- [Goal of the exercise]: Retype the whole listing, character for character.
---------------
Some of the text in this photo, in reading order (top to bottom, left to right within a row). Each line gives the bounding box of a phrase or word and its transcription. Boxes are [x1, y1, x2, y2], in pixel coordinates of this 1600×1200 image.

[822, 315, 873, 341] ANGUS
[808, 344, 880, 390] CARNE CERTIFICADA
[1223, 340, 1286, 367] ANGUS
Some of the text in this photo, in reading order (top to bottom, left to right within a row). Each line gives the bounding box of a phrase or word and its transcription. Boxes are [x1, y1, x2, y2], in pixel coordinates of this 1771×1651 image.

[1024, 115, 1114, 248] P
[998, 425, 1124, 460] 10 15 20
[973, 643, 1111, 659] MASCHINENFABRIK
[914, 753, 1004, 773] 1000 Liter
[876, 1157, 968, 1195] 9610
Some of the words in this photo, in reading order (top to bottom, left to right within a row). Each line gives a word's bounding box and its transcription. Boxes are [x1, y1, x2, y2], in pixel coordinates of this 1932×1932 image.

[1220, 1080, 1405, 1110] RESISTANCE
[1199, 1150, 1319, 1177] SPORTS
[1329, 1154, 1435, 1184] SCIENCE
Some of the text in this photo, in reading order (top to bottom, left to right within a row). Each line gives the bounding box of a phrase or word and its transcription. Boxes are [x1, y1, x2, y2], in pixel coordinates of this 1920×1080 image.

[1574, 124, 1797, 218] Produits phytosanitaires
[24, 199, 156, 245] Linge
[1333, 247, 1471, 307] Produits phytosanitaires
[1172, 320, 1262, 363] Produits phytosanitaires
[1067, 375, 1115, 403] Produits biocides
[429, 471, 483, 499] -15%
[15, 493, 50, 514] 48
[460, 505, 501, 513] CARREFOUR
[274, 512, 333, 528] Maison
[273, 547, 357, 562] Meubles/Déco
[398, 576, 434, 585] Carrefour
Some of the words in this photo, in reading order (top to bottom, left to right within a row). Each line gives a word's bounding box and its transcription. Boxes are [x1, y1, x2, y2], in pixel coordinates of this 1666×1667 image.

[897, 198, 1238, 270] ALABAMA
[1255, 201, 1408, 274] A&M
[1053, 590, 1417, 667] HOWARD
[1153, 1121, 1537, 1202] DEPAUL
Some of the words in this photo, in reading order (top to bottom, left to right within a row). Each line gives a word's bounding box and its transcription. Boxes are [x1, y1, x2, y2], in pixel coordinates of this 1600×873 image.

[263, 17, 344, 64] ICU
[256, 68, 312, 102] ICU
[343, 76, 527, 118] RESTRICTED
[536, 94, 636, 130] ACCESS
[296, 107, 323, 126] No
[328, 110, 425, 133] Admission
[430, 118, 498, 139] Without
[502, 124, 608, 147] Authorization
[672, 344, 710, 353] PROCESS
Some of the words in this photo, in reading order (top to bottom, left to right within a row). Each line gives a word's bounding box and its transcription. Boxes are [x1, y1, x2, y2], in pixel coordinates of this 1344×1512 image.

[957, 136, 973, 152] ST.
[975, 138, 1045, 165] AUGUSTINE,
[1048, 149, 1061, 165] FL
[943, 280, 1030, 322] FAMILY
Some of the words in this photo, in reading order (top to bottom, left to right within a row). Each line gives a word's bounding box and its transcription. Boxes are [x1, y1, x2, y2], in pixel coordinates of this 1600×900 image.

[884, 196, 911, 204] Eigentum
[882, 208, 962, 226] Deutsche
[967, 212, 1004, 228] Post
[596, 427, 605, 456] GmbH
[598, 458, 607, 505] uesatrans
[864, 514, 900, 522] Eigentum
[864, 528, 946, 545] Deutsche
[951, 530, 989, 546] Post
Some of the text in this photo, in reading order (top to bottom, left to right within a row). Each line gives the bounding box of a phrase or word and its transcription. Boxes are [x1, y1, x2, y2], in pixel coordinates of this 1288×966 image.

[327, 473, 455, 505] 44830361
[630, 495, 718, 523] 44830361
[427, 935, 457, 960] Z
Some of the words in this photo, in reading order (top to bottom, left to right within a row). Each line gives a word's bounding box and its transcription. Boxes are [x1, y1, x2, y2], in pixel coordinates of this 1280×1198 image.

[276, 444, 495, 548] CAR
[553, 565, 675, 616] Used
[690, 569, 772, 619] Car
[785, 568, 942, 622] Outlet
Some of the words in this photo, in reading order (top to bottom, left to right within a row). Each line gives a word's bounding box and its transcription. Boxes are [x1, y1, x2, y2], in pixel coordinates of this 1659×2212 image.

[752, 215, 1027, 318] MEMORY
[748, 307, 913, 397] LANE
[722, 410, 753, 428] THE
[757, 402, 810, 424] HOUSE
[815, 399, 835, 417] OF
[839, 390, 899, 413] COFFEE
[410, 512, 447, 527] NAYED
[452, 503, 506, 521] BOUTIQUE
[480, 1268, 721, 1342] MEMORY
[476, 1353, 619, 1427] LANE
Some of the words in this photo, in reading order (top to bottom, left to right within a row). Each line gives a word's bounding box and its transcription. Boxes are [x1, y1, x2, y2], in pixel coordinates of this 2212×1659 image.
---------------
- [Response area]:
Some of the text in this photo, in reading order (top to bottom, left to right within a row). Each line gives the bounding box of a phrase or word and its transcription. Boxes are [x1, y1, x2, y2], in pixel coordinates of this 1600×1200 image.

[822, 315, 873, 341] ANGUS
[808, 344, 880, 390] CARNE CERTIFICADA
[1223, 340, 1286, 367] ANGUS
Some of the text in this photo, in reading order (top to bottom, left to right within a row). Each line gives the bounding box of a phrase or word and its transcription. Boxes are [x1, y1, x2, y2], in pixel coordinates of this 1771×1651 image.

[1024, 115, 1114, 248] P
[998, 425, 1124, 460] 10 15 20
[973, 643, 1111, 659] MASCHINENFABRIK
[914, 753, 1004, 773] 1000 Liter
[876, 1157, 968, 1195] 9610
Some of the words in this photo, in reading order (top to bottom, left to right within a row). Each line gives a word's bounding box and its transcription. Boxes are [x1, y1, x2, y2], in pixel coordinates of this 1932×1932 image.

[1220, 1080, 1405, 1110] RESISTANCE
[1199, 1150, 1319, 1177] SPORTS
[1329, 1154, 1435, 1184] SCIENCE
Some of the text in this photo, in reading order (top to bottom, left to right within a row). Each line gives the bounding box of a phrase or word and its transcription. Boxes are [x1, y1, x2, y2], in pixel coordinates of this 1920×1080 image.

[1574, 124, 1797, 218] Produits phytosanitaires
[24, 199, 156, 245] Linge
[1333, 247, 1471, 307] Produits phytosanitaires
[1172, 320, 1262, 363] Produits phytosanitaires
[1067, 375, 1115, 403] Produits biocides
[429, 471, 483, 499] -15%
[15, 493, 50, 514] 48
[460, 505, 501, 513] CARREFOUR
[274, 512, 333, 528] Maison
[273, 547, 357, 562] Meubles/Déco
[398, 576, 434, 585] Carrefour
Some of the words in this photo, in reading order (top to bottom, left to right within a row). Each line gives a word's bounding box and its transcription. Boxes are [x1, y1, x2, y2], in pixel coordinates of this 1666×1667 image.

[897, 198, 1238, 270] ALABAMA
[1255, 201, 1408, 274] A&M
[1053, 590, 1417, 667] HOWARD
[1153, 1121, 1537, 1202] DEPAUL
Some of the words in this photo, in reading order (top to bottom, left to right within a row). Each line gives a word's bounding box and its transcription. Boxes are [x1, y1, x2, y2], in pixel coordinates of this 1600×873 image.

[263, 17, 344, 64] ICU
[256, 68, 312, 102] ICU
[343, 76, 527, 118] RESTRICTED
[536, 94, 636, 130] ACCESS
[296, 107, 323, 126] No
[328, 110, 425, 133] Admission
[430, 118, 498, 139] Without
[502, 124, 608, 147] Authorization
[672, 344, 710, 353] PROCESS
Some of the words in this photo, in reading order (top to bottom, left to right within a row). Each line gives a word's bounding box and its transcription. Boxes are [x1, y1, x2, y2], in pixel coordinates of this 1344×1512 image.

[957, 136, 973, 152] ST.
[975, 138, 1045, 165] AUGUSTINE,
[1048, 149, 1061, 165] FL
[943, 280, 1030, 322] FAMILY
Some of the words in this photo, in reading order (top to bottom, left to right within a row). Each line gives a word's bounding box and its transcription. Boxes are [x1, y1, x2, y2], in pixel coordinates of this 1600×900 image.

[884, 196, 911, 204] Eigentum
[882, 208, 962, 226] Deutsche
[967, 212, 1004, 228] Post
[596, 427, 605, 456] GmbH
[598, 458, 607, 505] uesatrans
[864, 514, 900, 522] Eigentum
[864, 528, 946, 545] Deutsche
[951, 530, 989, 546] Post
Some of the text in this photo, in reading order (top to bottom, left to right within a row). Each line gives the bounding box of a phrase or word and its transcription. Boxes are [x1, y1, x2, y2], in pixel coordinates of this 1288×966 image.

[327, 473, 455, 505] 44830361
[630, 495, 718, 523] 44830361
[427, 935, 457, 960] Z
Some of the words in this photo, in reading order (top to bottom, left to right within a row). Each line gives a word's bounding box and its transcription. Boxes are [x1, y1, x2, y2], in pixel coordinates of this 1280×1198 image.

[276, 444, 495, 548] CAR
[553, 565, 675, 616] Used
[690, 569, 772, 619] Car
[785, 568, 942, 622] Outlet
Some of the words in this photo, in reading order (top to bottom, left to right within a row). Each line gives a word's bounding box and its transcription. Boxes are [x1, y1, x2, y2], in pixel coordinates of this 1659×2212 image.

[752, 215, 1027, 318] MEMORY
[748, 307, 913, 397] LANE
[722, 410, 753, 428] THE
[757, 402, 810, 424] HOUSE
[815, 399, 835, 417] OF
[839, 390, 899, 413] COFFEE
[410, 512, 447, 527] NAYED
[452, 503, 506, 521] BOUTIQUE
[480, 1268, 721, 1342] MEMORY
[476, 1353, 619, 1427] LANE
Some of the words in this photo, in reading order (top to bottom, left to right within a row). Each line gives a word's bounding box and its transcription. Boxes are [x1, y1, x2, y2], in pixel coordinates of this 2212×1659 image.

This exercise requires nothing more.